Я презираю женщин, которые ни разу в жизни не пожелали вступить в союз с дьяволом. Я не какая-нибудь деревенская дурочка вроде Гретхен, которую дьявол дал Фаусту в игрушки; я сама себе хозяйка, и, даже если получу то, чего желаю, и Холлиер объяснится мне в любви и предложит стать его женой или любовницей, я не собираюсь полностью в нем растворяться. Я знаю, это смелые слова, ибо лучших, чем я, женщин полностью поглотила любовь, но я надеюсь сохранить часть себя – пускай лишь как еще один дар возлюбленному. В любви я не хочу играть в старую игру – подчинение – и точно так же не терплю современной игры «может-да-может-нет-в-любом-случае-берегись»: дочь Тадеуша, наполовину цыганка, не опустится до подобного жалкого и тухлого жульничества. Парлабейн пытался соблазнить меня интеллектуально: повалить на спину, а потом оставить – растрепанной, задыхающейся; и все это – исключительно словами. Я решила посмотреть, не удастся ли мне сбить его с ног.
– Брат Джон, – сказала я как-то раз ноябрьским вечером, когда внешняя комната Холлиера начала погружаться в полумрак, – я налью вам чашку чаю и задам вопрос. Вы рассказывали мне о мире философского скептицизма и о Боге как единственной возможности бегства из мира, проклятого трагической двойственностью. Но я постоянно работаю с трудами людей, которые думали по-другому, и нахожу их весьма убедительными. Я имею в виду Корнелия Агриппу, Парацельса и моего милого Франсуа Рабле.
– Желчные лютеране, все до единого, – парировал он.

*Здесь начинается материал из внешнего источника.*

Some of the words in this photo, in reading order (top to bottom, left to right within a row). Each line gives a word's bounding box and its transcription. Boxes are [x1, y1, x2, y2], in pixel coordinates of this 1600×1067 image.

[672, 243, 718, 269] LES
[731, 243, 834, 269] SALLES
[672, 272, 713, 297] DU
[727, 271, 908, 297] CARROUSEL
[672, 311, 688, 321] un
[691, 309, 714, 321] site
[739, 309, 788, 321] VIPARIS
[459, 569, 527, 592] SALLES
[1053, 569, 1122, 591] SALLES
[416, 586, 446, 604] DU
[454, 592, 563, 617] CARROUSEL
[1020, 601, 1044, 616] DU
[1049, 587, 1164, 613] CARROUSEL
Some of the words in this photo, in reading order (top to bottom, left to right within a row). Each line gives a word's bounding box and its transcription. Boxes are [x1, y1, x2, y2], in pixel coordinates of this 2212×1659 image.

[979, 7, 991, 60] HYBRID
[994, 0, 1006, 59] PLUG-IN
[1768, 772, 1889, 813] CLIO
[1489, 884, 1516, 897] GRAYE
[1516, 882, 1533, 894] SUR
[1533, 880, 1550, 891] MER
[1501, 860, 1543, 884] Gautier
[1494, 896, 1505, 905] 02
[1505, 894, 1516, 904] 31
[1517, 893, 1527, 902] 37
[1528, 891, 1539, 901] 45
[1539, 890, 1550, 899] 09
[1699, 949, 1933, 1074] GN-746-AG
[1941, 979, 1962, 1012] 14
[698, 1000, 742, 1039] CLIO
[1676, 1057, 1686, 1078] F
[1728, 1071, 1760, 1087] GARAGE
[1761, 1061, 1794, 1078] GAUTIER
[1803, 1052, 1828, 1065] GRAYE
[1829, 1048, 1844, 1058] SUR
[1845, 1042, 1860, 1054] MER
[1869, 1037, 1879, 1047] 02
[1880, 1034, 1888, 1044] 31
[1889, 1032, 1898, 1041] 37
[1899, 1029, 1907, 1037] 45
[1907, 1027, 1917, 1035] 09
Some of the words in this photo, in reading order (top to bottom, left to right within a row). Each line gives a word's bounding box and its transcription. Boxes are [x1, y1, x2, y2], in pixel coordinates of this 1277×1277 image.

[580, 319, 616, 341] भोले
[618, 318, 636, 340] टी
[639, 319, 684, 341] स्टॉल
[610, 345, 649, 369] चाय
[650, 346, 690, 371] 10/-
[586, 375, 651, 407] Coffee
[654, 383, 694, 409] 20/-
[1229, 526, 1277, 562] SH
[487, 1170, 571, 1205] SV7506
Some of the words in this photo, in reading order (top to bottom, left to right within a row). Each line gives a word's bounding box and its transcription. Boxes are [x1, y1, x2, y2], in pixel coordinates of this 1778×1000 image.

– Возможно, еретики, но не лютеране. Разве могли такие высокие души согласиться с человеком, считавшим общество тюрьмой, полной грешников, в которой следует поддерживать порядок силой? Видите, я и о Лютере кое-что знаю. Но не пытайтесь отвлечь меня на Лютера. Я хочу говорить о Рабле, а он сказал, что свободное человеческое существо ищет кодекс поведения в собственном чувстве чести…
– Минуточку, он не говорил «свободное человеческое существо». Он писал о мужчинах: «Men that are free, well born, well-bred, and conversant in honest companies».
– Нечего цитировать по-английски; я знаю этот текст и по-французски: «Gens libres, bien nes, bien instruits, conversant en compagnies honngtes», и хотела бы я посмотреть, как вы будете доказывать, что «gens» означает только мужчин[89 - «Людей свободных, происходящих от добрых родителей, просвещенных, вращающихся в порядочном обществе…» (перев. Н. Любимова). Французское слово «gens» означает «люди». Английское «men» может означать как «люди», так и «мужчины».]. Это значит «люди». Вы, как и многие, решили, что Рабле – женоненавистник, потому что читали только этот дурацкий перевод сэра Томаса Эркхарта…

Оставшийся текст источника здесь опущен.